All lines from the one containing "this 2047×1152 image." through the end of the data below must be reproduced exactly, and no others.

[Extracted records]
[Start of section]

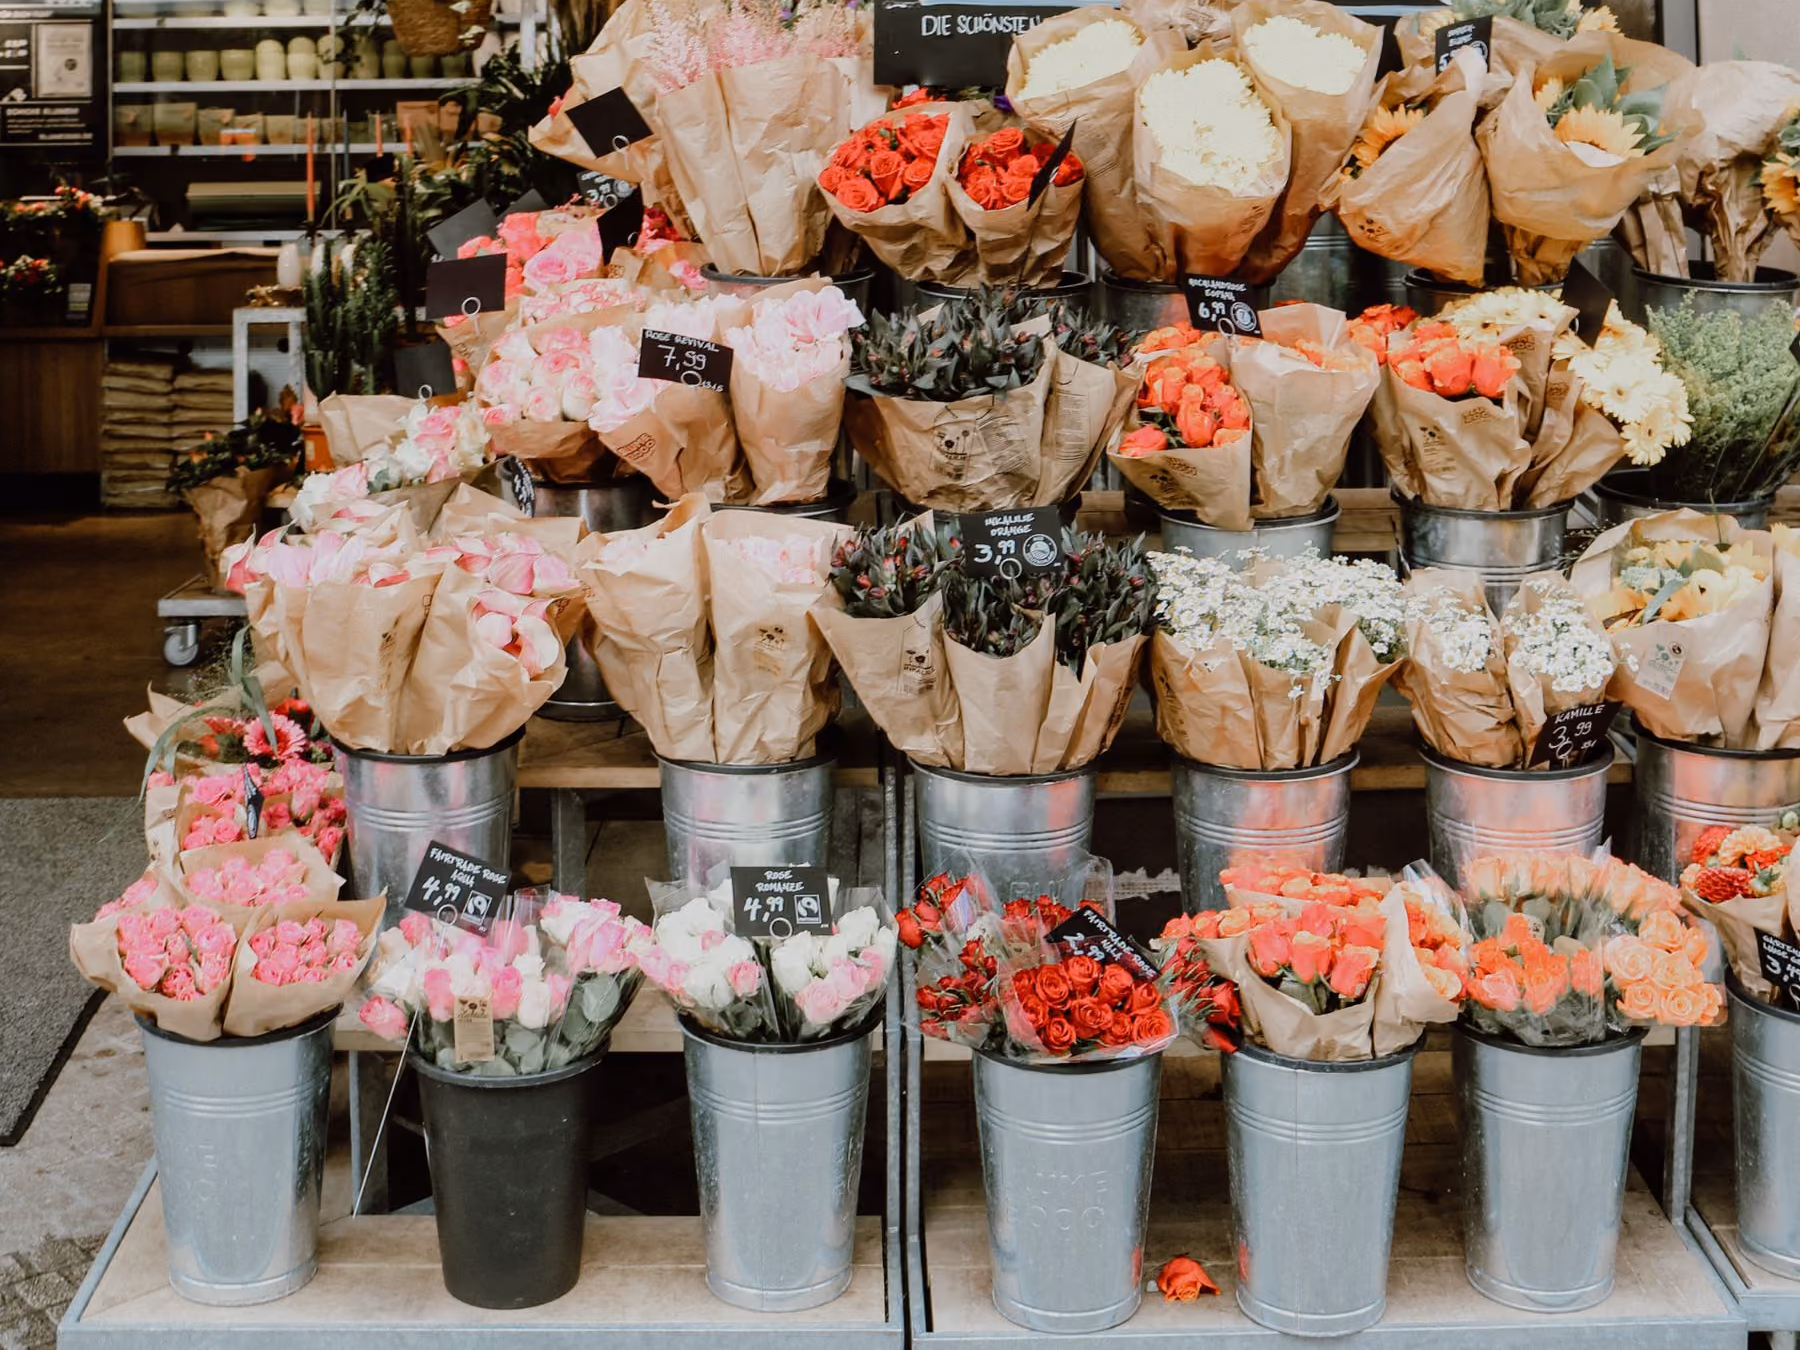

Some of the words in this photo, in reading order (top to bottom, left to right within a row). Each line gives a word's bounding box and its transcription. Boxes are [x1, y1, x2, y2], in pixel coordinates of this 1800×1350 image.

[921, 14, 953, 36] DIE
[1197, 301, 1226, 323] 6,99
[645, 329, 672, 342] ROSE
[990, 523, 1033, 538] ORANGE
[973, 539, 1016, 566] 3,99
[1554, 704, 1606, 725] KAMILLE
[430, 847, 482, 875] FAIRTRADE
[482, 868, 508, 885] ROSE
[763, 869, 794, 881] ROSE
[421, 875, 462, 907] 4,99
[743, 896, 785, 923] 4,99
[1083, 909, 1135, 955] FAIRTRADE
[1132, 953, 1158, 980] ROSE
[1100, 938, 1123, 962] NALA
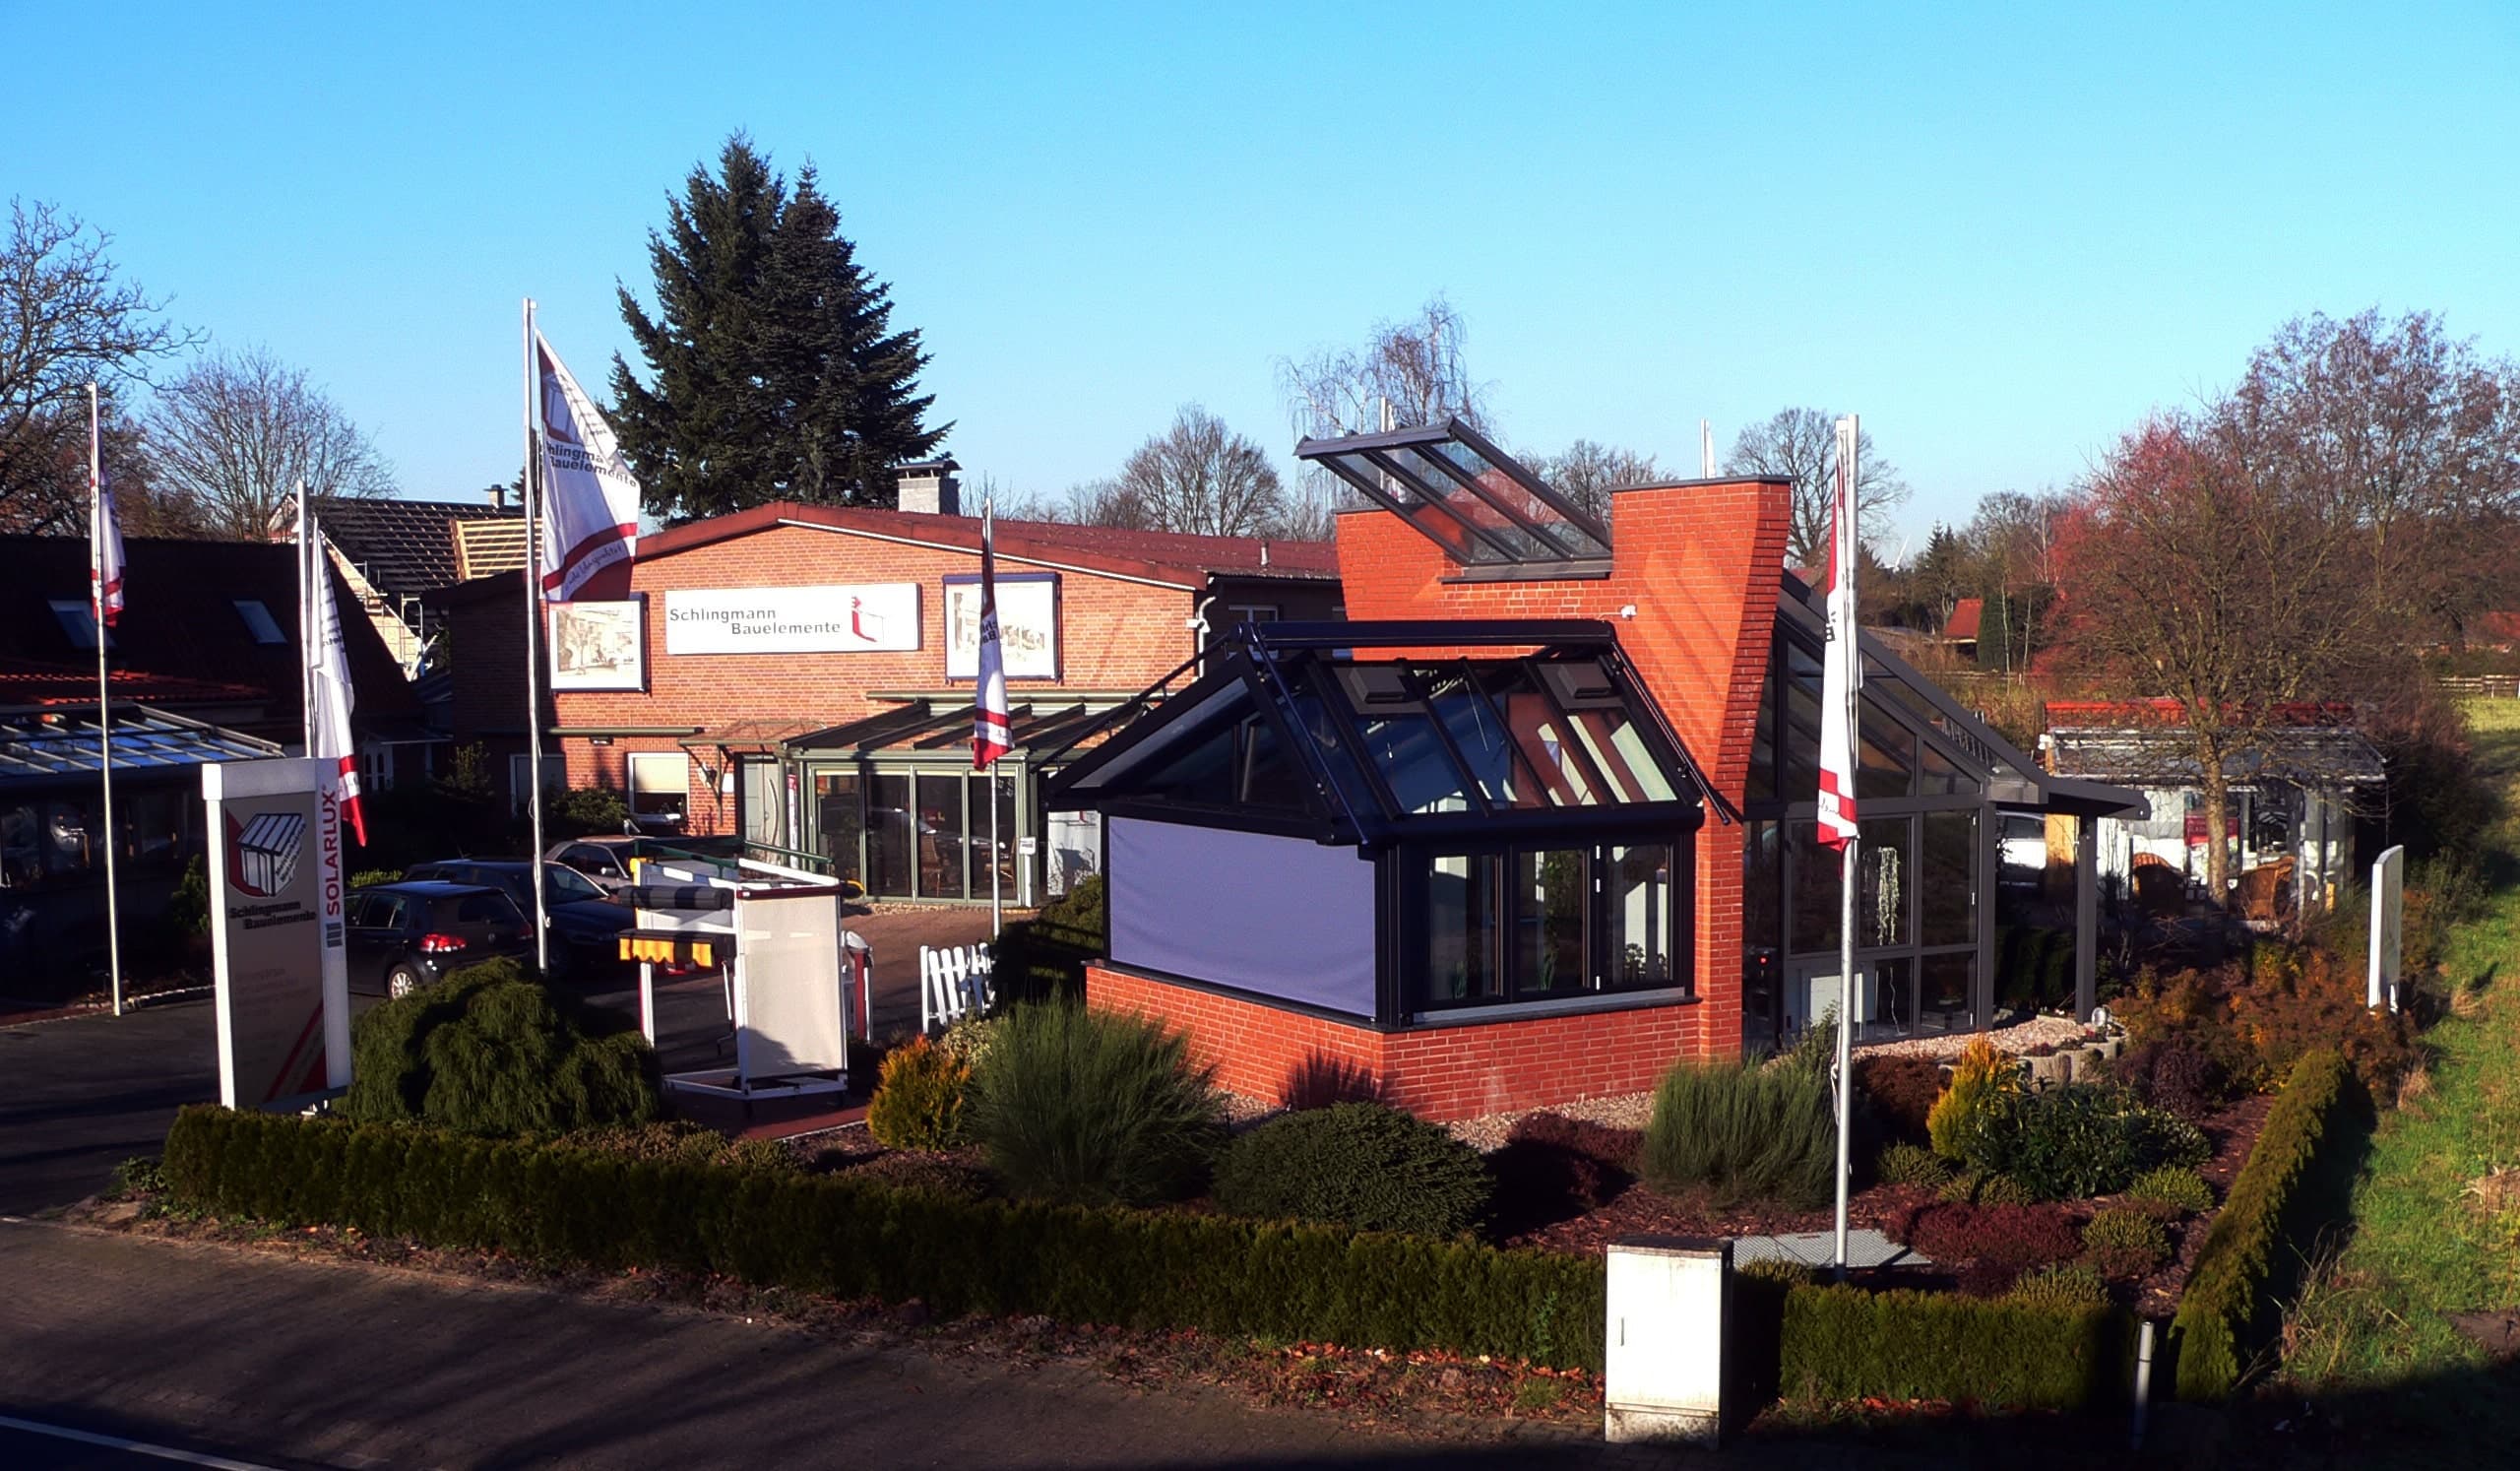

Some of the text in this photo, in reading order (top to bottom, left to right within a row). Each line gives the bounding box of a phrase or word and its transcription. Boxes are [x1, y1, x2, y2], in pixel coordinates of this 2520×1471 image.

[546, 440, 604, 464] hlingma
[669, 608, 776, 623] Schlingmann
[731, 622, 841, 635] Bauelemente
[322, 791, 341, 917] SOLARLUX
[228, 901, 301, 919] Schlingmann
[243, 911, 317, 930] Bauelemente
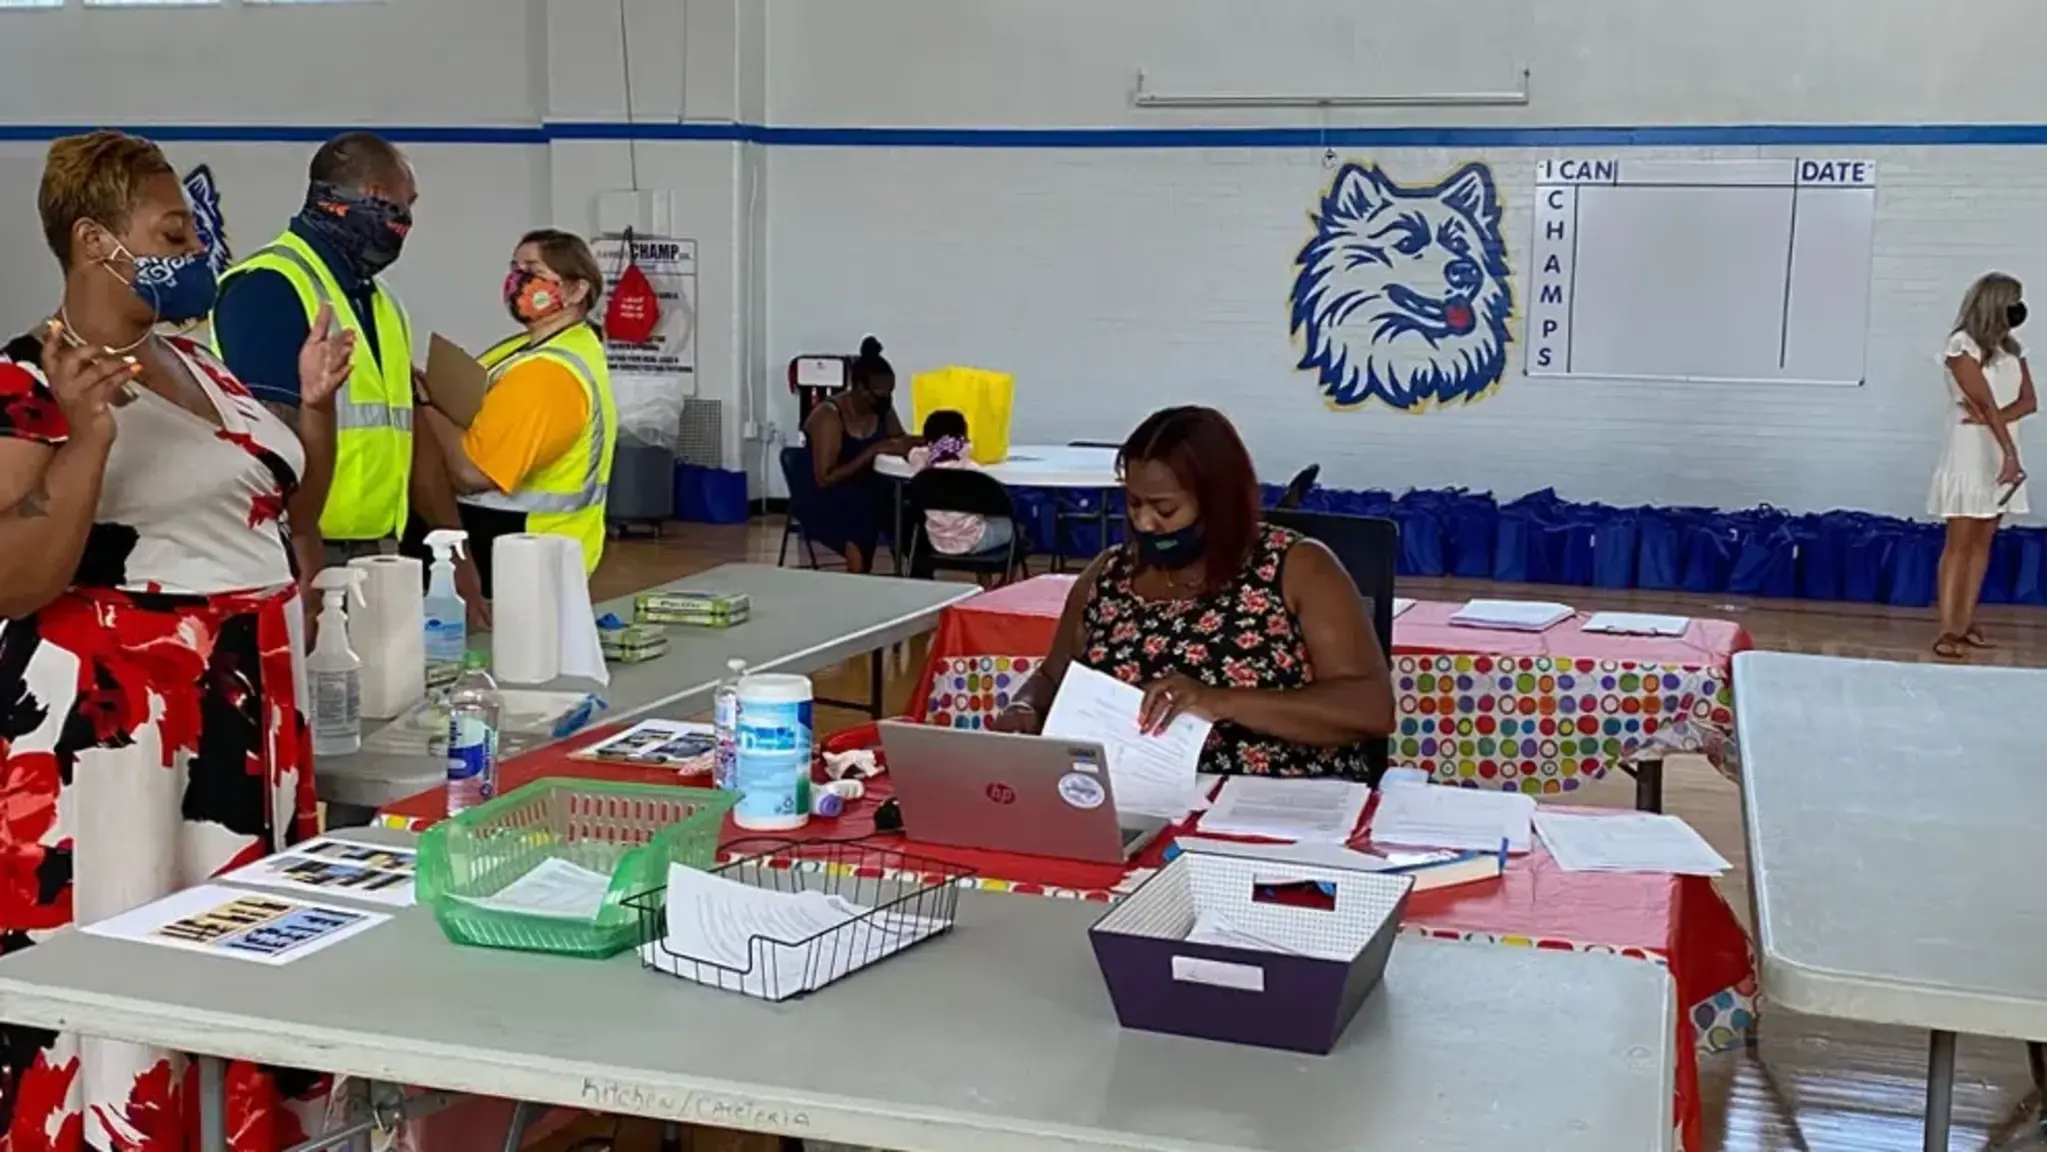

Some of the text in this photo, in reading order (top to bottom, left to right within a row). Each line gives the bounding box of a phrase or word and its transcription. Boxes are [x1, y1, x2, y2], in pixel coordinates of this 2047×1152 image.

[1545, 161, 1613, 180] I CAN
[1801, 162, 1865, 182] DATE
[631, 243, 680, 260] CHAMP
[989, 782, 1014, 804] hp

[End of section]

[ANSWER TO THIS EXERCISE]
Some of the text in this photo, in reading order (top to bottom, left to right within a row). Each line gives the bounding box of a phrase or word and its transcription. Boxes are [x1, y1, x2, y2], in pixel coordinates of this 2047×1152 image.

[1545, 161, 1613, 180] I CAN
[1801, 162, 1865, 182] DATE
[631, 243, 680, 260] CHAMP
[989, 782, 1014, 804] hp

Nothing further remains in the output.